--- AIM OF THE TASK ---
Exactly as they appear, transcribe the entries and skip any pictures.

*** AVAILABLE DATA ***

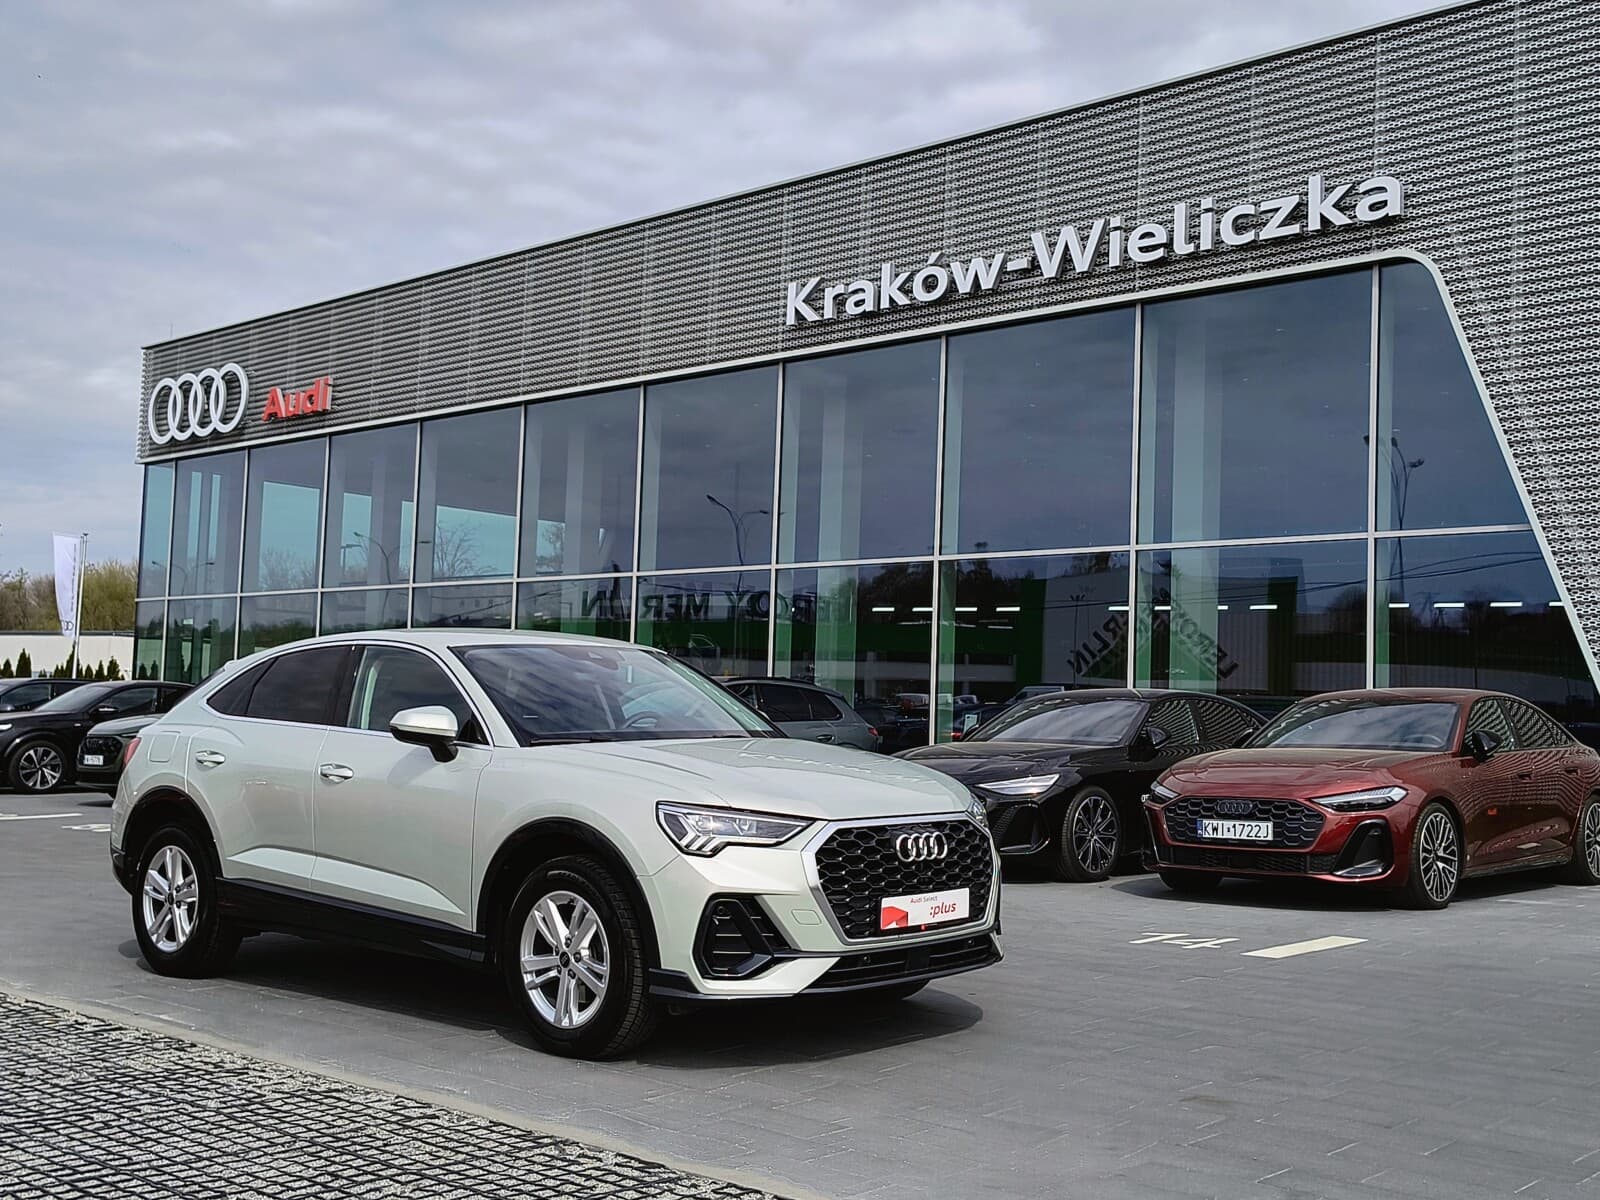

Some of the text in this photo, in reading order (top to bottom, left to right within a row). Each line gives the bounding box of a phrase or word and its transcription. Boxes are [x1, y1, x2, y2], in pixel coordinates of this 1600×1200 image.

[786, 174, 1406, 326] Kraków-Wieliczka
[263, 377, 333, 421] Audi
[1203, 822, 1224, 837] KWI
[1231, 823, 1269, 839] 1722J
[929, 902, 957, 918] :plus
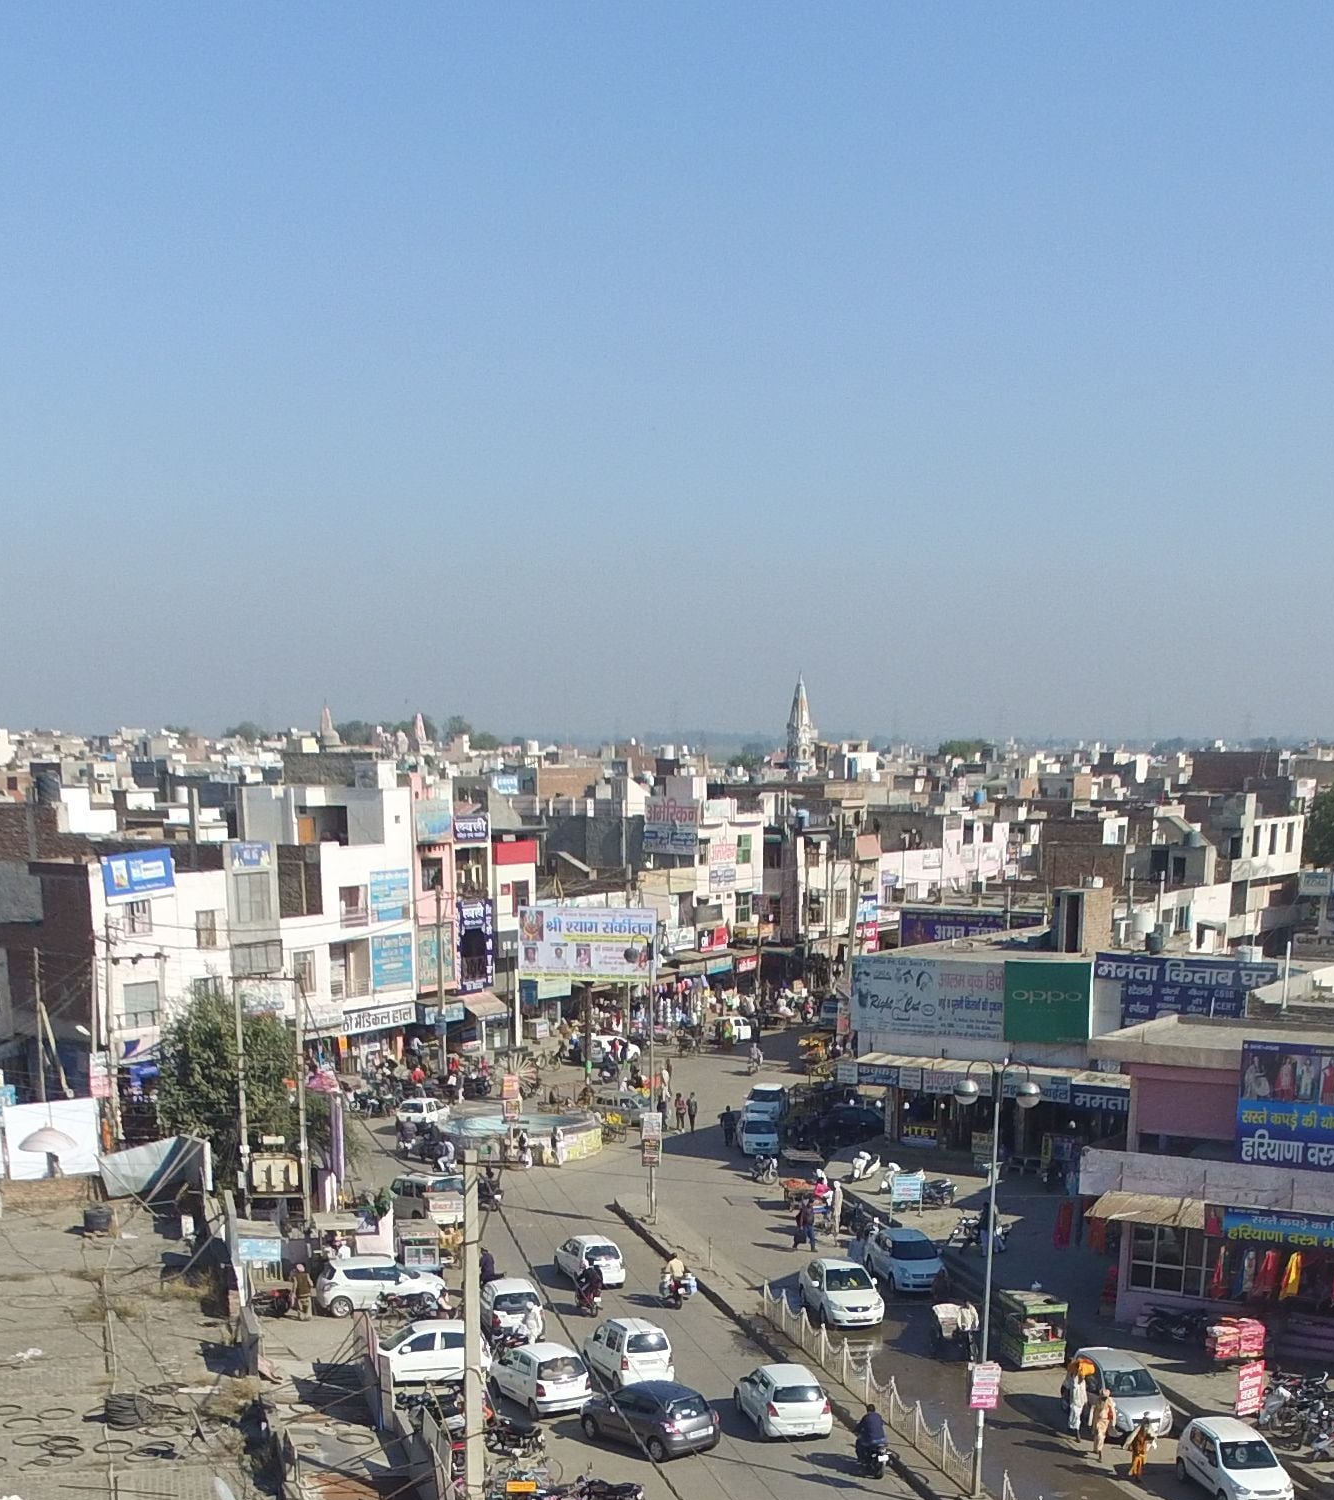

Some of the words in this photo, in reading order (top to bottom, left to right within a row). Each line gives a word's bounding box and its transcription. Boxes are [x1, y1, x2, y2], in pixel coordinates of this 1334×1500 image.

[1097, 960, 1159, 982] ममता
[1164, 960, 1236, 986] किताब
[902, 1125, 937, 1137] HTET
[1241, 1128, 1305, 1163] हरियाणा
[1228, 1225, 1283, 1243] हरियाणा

***

--- TASK RESPONSE ---
Some of the text in this photo, in reading order (top to bottom, left to right within a row). Each line gives the bounding box of a phrase or word and its transcription. Boxes are [x1, y1, x2, y2], in pixel coordinates of this 1600×1200 image.

[786, 174, 1406, 326] Kraków-Wieliczka
[263, 377, 333, 421] Audi
[1203, 822, 1224, 837] KWI
[1231, 823, 1269, 839] 1722J
[929, 902, 957, 918] :plus

Some of the words in this photo, in reading order (top to bottom, left to right within a row). Each line gives a word's bounding box and its transcription. Boxes are [x1, y1, x2, y2], in pixel coordinates of this 1334×1500 image.

[1097, 960, 1159, 982] ममता
[1164, 960, 1236, 986] किताब
[902, 1125, 937, 1137] HTET
[1241, 1128, 1305, 1163] हरियाणा
[1228, 1225, 1283, 1243] हरियाणा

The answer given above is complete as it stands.